OTTAWA (Reuters) - A drop in exports helped push Canada's current account deficit close to a record high in the third quarter, a development that analysts said sends a signal that the Canadian dollar is too strong.

The deficit rose 2.9 percent from the second quarter to C$18.91 billion ($19.10 billion), Statistics Canada said on Thursday. Though smaller than the C$19.20 billion gap expected by analysts, it was the second largest on record after the C$19.43 billion posted for the third quarter of 2010.

BMO Capital Markets economist Robert Kavcic predicted the deficit would end up equaling around 4.1 percent of gross domestic product. Figures for third quarter GDP will be released on Friday.

"A current account deficit of around 4 percent of GDP is a clear warning sign that the Canadian dollar is over-valued," Kavcic said in a note to clients.

The data initially helped push down the value of the Canadian dollar. At 10.15 a.m. (1515 GMT) it was at C$0.9935 against the U.S. dollar, or $1.007, down from C$0.9915, or $1.0086, before the figures were released.

The overall deficit for trade in goods was C$4.84 billion, up from C$3.64 billion in the second quarter.
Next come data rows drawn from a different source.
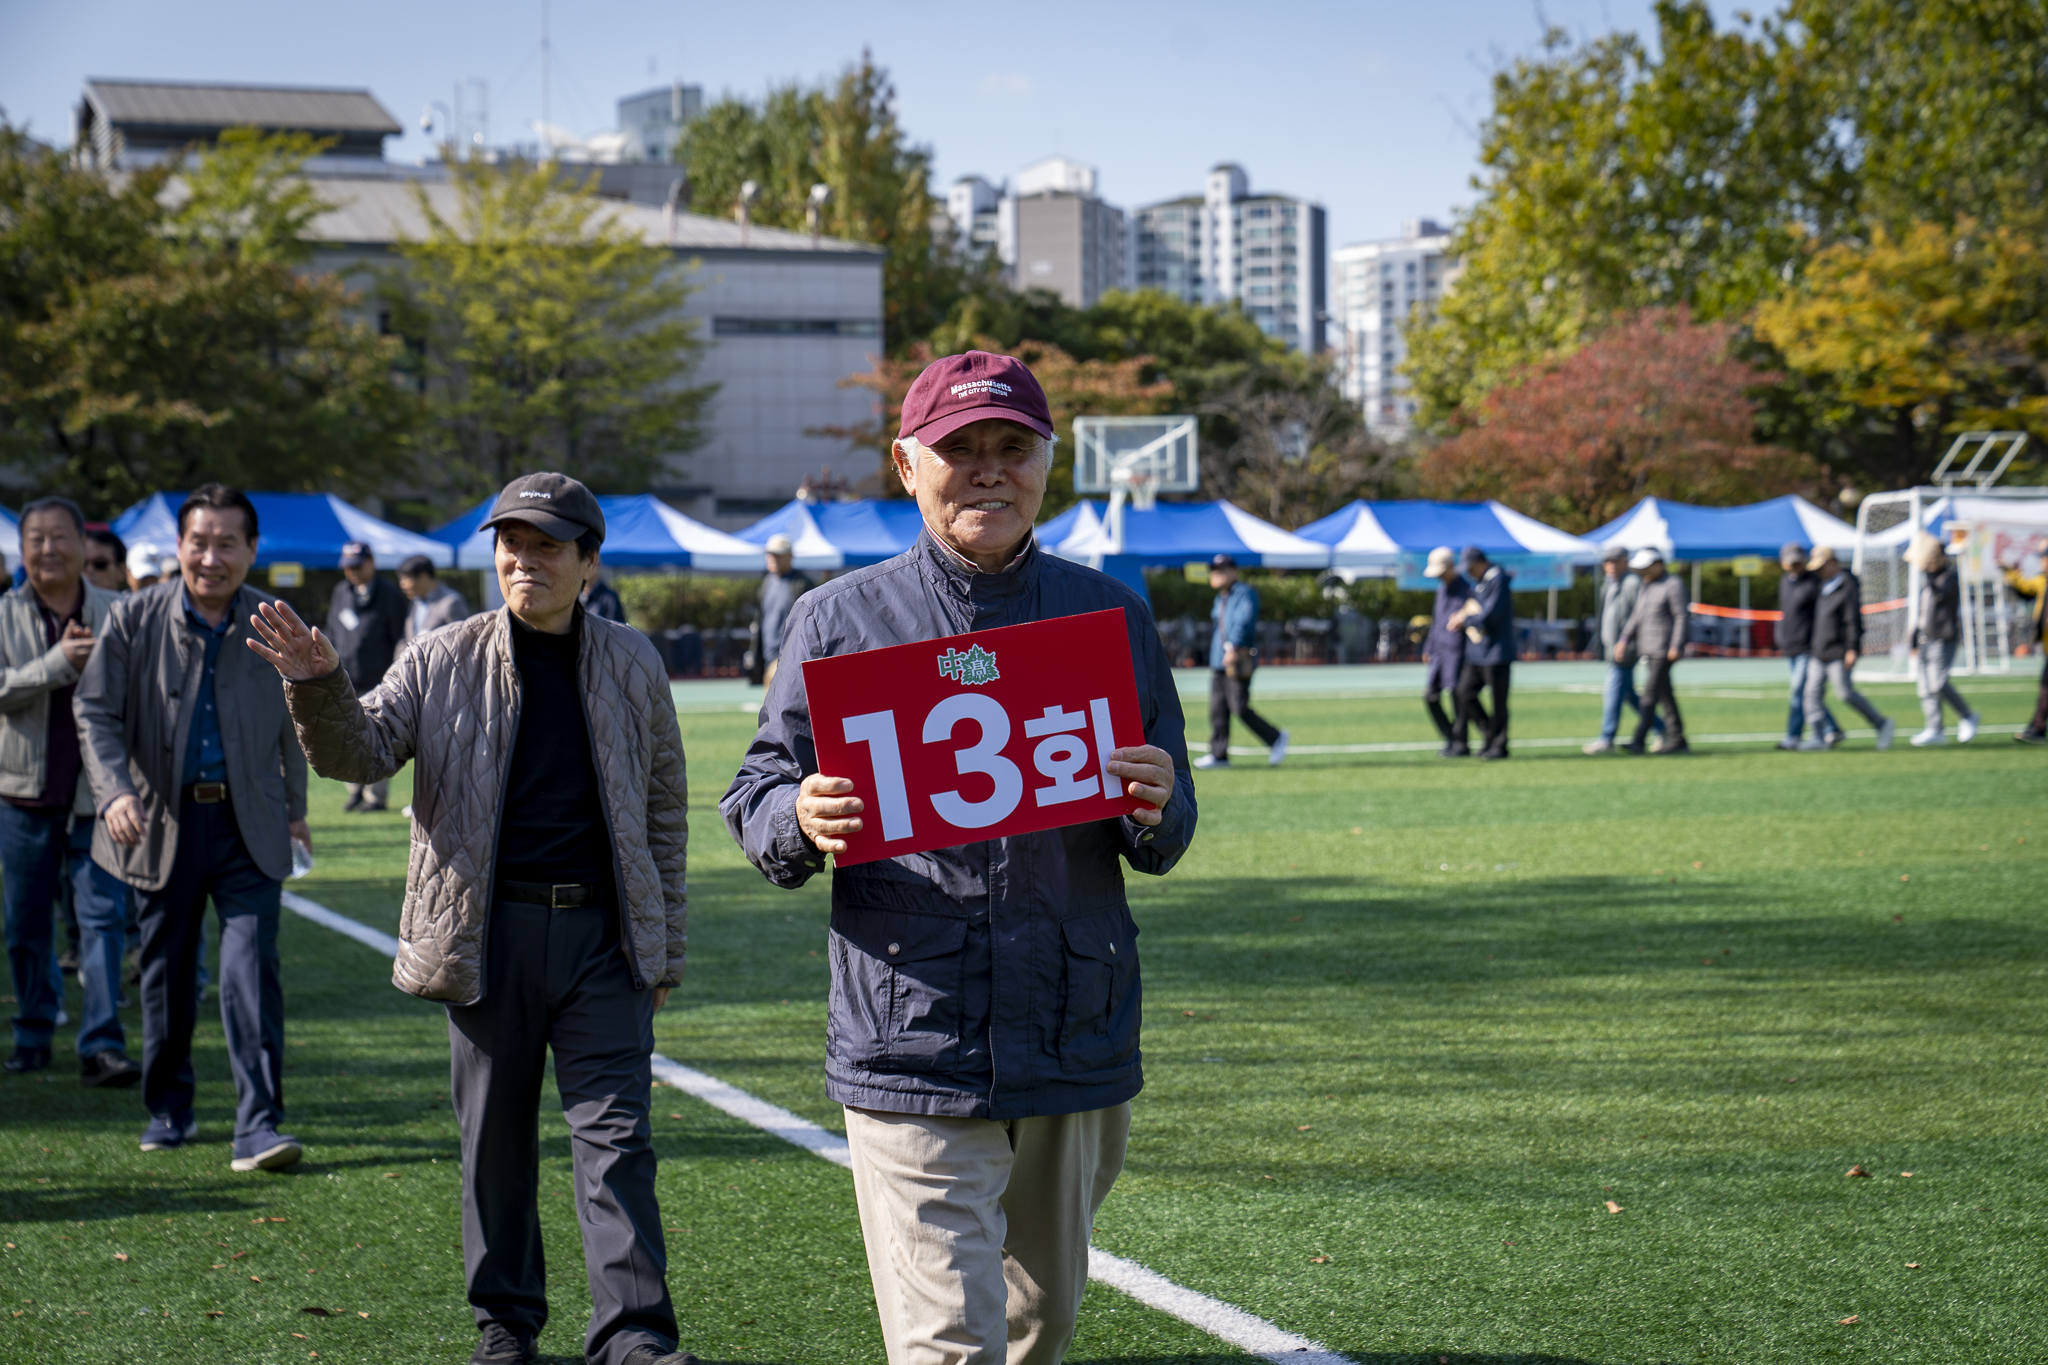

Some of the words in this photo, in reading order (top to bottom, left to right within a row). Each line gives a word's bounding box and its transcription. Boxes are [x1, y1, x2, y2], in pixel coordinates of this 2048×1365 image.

[951, 379, 1012, 395] Massachusetts
[957, 390, 968, 399] THE
[841, 692, 1124, 842] 13회
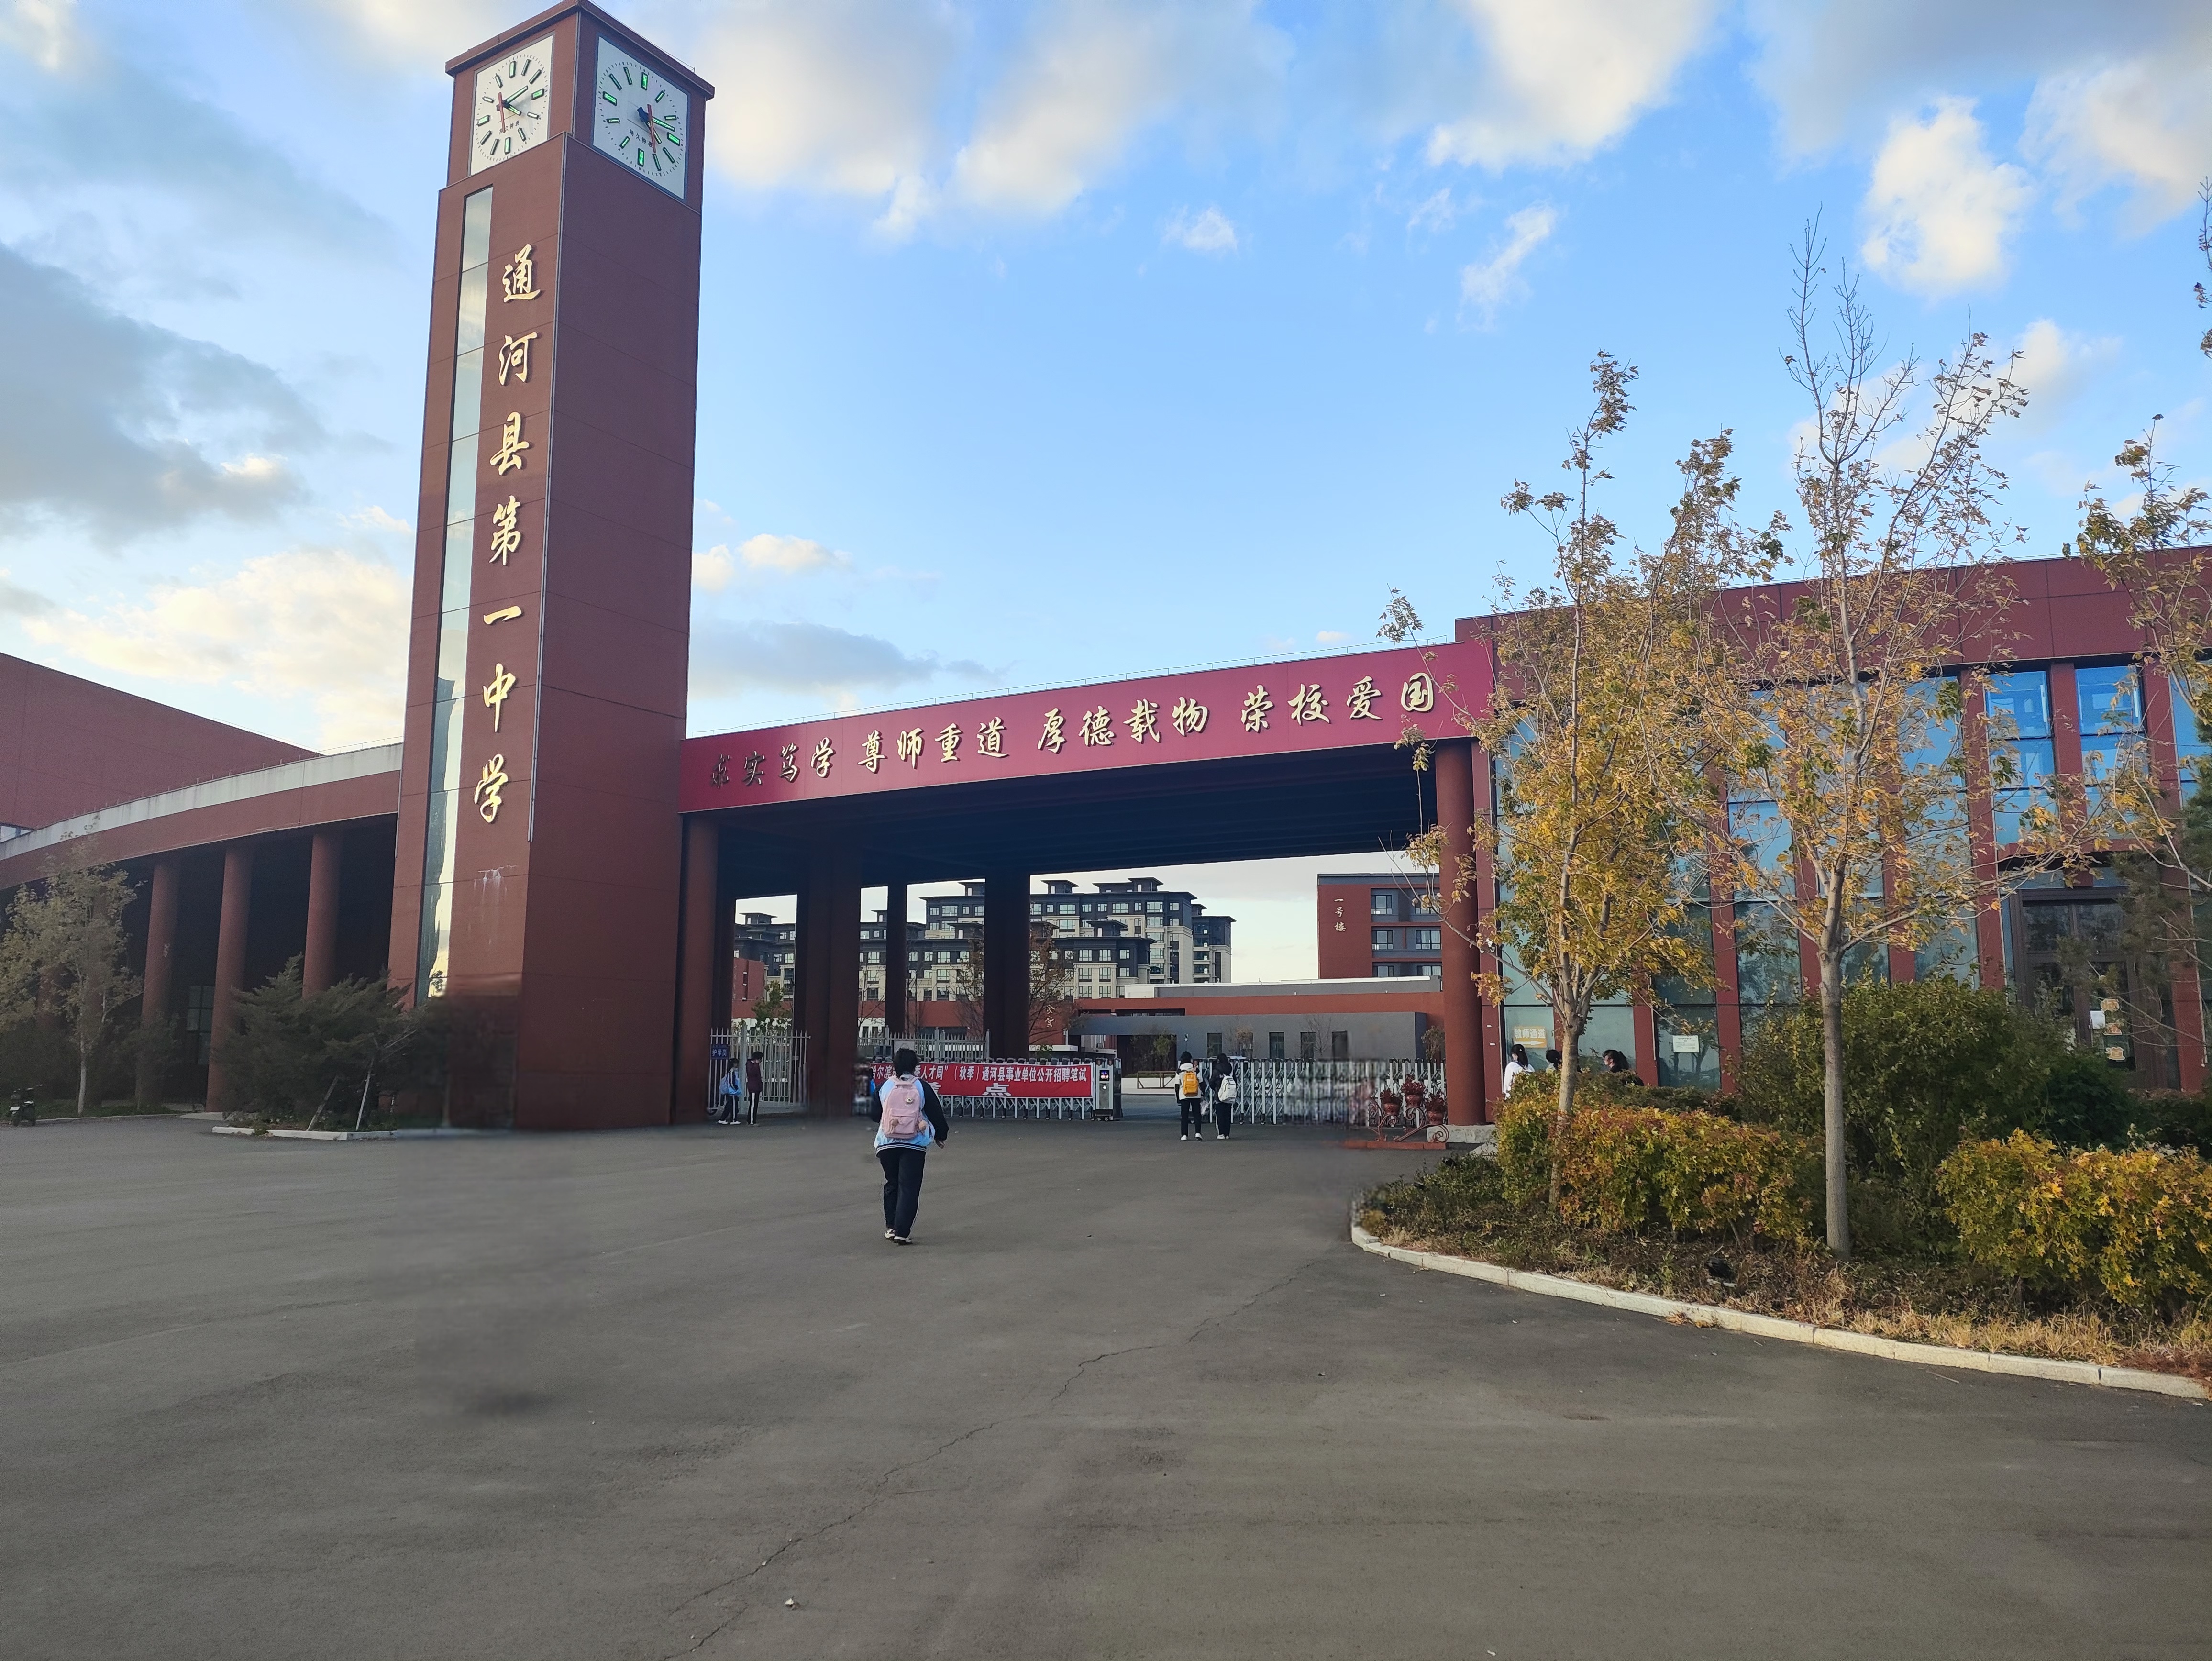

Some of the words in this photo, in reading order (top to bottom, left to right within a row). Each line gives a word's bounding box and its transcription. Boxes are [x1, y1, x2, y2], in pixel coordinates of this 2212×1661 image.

[474, 244, 541, 823] 通河县第一中学
[710, 737, 835, 788] 求实笃学
[858, 716, 1009, 773] 尊师重道
[1038, 696, 1209, 753] 厚德载物
[1241, 672, 1434, 733] 荣校爱国
[1514, 1028, 1546, 1039] 教师通道
[982, 1083, 1012, 1096] 点
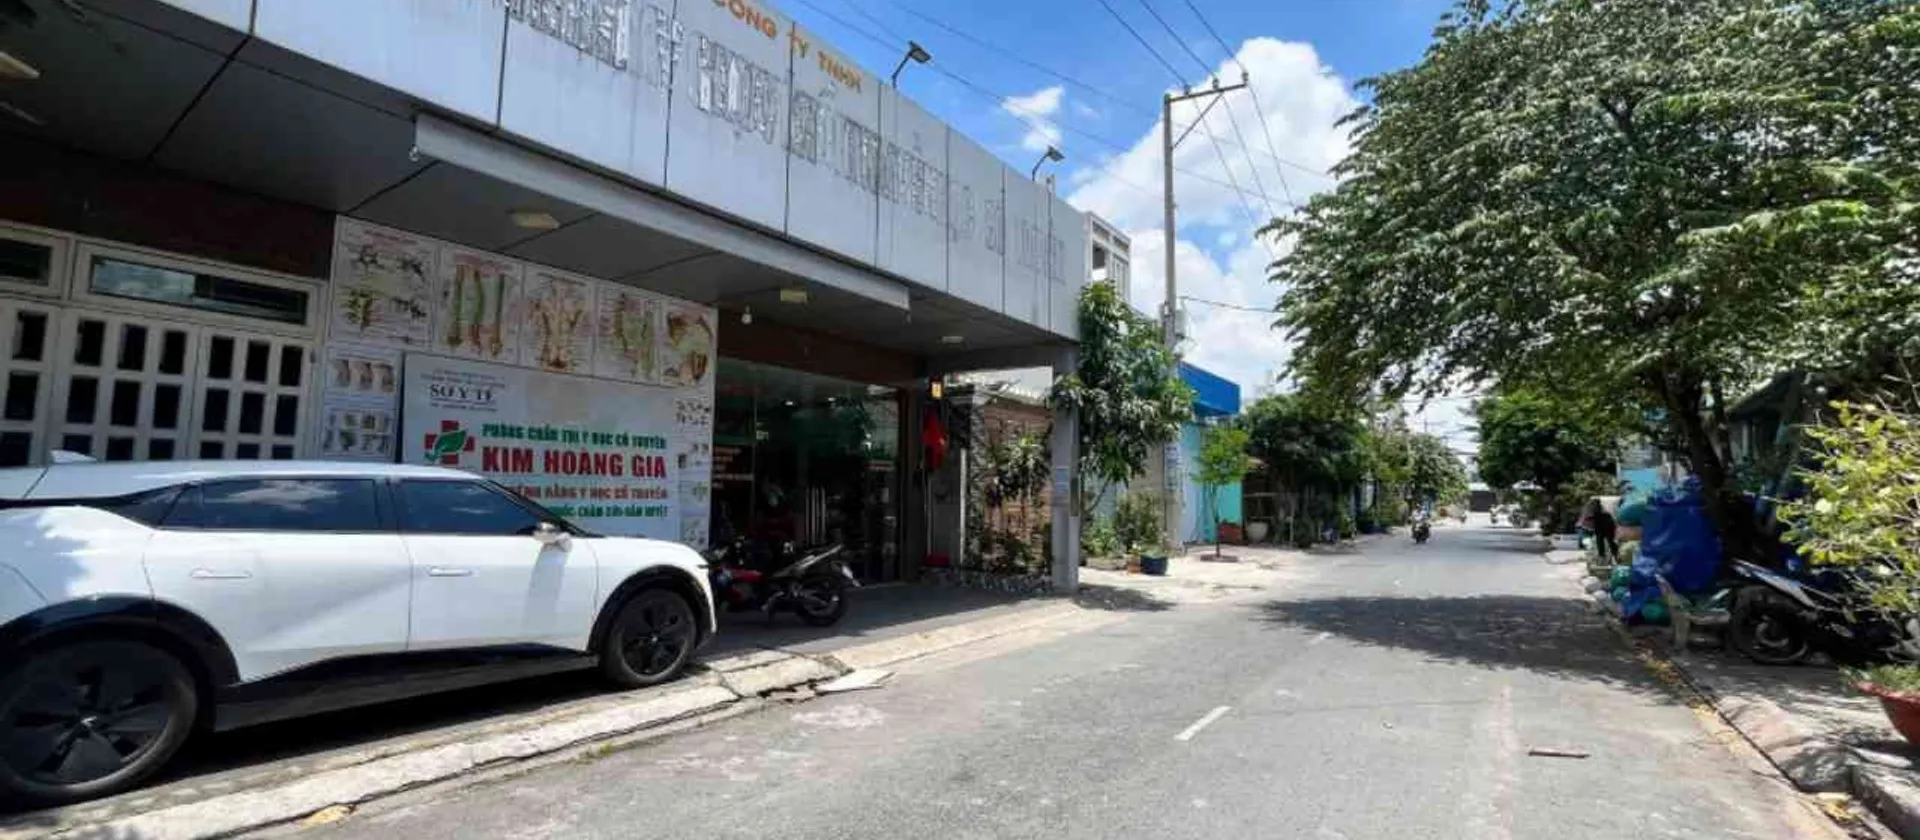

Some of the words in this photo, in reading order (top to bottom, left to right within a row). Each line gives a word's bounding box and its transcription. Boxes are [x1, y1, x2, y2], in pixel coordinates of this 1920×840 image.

[481, 446, 534, 472] KIM
[544, 446, 624, 477] HOÀNG
[631, 453, 667, 478] GIA
Exports fell by C$3.73 billion to C$112.75 billion, in part due to lower energy shipments, while imports dropped by C$2.54 billion to C$117.58 billion.

Exporters are struggling with weak foreign markets and the strong Canadian dollar, which erodes the competitiveness of their goods.

"Despite continued foreign investment inflows into the Canadian dollar, trade fundamentals continue to suggest overvaluation," Emanuella Enenajor of CIBC World Markets Economics said in a note to clients.   Continued...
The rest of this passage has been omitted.